┌──

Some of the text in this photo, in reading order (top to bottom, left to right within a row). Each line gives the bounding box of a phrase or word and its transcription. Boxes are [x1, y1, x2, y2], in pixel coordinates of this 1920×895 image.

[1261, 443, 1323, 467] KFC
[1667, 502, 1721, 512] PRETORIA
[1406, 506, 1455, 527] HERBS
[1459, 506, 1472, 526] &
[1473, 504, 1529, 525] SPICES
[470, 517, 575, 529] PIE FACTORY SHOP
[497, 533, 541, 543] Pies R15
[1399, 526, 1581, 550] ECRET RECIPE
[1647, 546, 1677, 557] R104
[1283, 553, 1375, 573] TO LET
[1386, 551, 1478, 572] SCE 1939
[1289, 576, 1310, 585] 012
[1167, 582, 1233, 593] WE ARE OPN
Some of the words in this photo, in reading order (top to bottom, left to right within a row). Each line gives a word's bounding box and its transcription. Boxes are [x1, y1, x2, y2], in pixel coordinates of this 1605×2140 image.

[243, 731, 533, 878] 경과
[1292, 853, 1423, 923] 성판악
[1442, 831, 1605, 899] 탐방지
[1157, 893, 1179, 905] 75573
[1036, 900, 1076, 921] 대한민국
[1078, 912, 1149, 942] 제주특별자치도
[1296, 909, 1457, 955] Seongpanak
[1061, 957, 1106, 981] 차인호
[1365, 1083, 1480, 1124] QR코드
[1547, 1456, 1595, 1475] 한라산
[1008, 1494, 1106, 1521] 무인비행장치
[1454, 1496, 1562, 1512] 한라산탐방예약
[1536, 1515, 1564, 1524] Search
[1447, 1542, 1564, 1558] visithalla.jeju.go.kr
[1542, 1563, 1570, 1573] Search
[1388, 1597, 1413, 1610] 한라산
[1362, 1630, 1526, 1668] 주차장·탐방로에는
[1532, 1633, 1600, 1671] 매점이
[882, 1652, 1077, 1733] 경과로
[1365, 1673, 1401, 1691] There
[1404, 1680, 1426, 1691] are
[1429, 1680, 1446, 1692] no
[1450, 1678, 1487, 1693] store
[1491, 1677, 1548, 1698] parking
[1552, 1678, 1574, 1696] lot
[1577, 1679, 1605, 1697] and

└──

Problem
From top to bottom, repeat the material above word for word.

Finished task
Some of the text in this photo, in reading order (top to bottom, left to right within a row). Each line gives the bounding box of a phrase or word and its transcription. Boxes are [x1, y1, x2, y2], in pixel coordinates of this 1920×895 image.

[1261, 443, 1323, 467] KFC
[1667, 502, 1721, 512] PRETORIA
[1406, 506, 1455, 527] HERBS
[1459, 506, 1472, 526] &
[1473, 504, 1529, 525] SPICES
[470, 517, 575, 529] PIE FACTORY SHOP
[497, 533, 541, 543] Pies R15
[1399, 526, 1581, 550] ECRET RECIPE
[1647, 546, 1677, 557] R104
[1283, 553, 1375, 573] TO LET
[1386, 551, 1478, 572] SCE 1939
[1289, 576, 1310, 585] 012
[1167, 582, 1233, 593] WE ARE OPN
Some of the words in this photo, in reading order (top to bottom, left to right within a row). Each line gives a word's bounding box and its transcription. Boxes are [x1, y1, x2, y2], in pixel coordinates of this 1605×2140 image.

[243, 731, 533, 878] 경과
[1292, 853, 1423, 923] 성판악
[1442, 831, 1605, 899] 탐방지
[1157, 893, 1179, 905] 75573
[1036, 900, 1076, 921] 대한민국
[1078, 912, 1149, 942] 제주특별자치도
[1296, 909, 1457, 955] Seongpanak
[1061, 957, 1106, 981] 차인호
[1365, 1083, 1480, 1124] QR코드
[1547, 1456, 1595, 1475] 한라산
[1008, 1494, 1106, 1521] 무인비행장치
[1454, 1496, 1562, 1512] 한라산탐방예약
[1536, 1515, 1564, 1524] Search
[1447, 1542, 1564, 1558] visithalla.jeju.go.kr
[1542, 1563, 1570, 1573] Search
[1388, 1597, 1413, 1610] 한라산
[1362, 1630, 1526, 1668] 주차장·탐방로에는
[1532, 1633, 1600, 1671] 매점이
[882, 1652, 1077, 1733] 경과로
[1365, 1673, 1401, 1691] There
[1404, 1680, 1426, 1691] are
[1429, 1680, 1446, 1692] no
[1450, 1678, 1487, 1693] store
[1491, 1677, 1548, 1698] parking
[1552, 1678, 1574, 1696] lot
[1577, 1679, 1605, 1697] and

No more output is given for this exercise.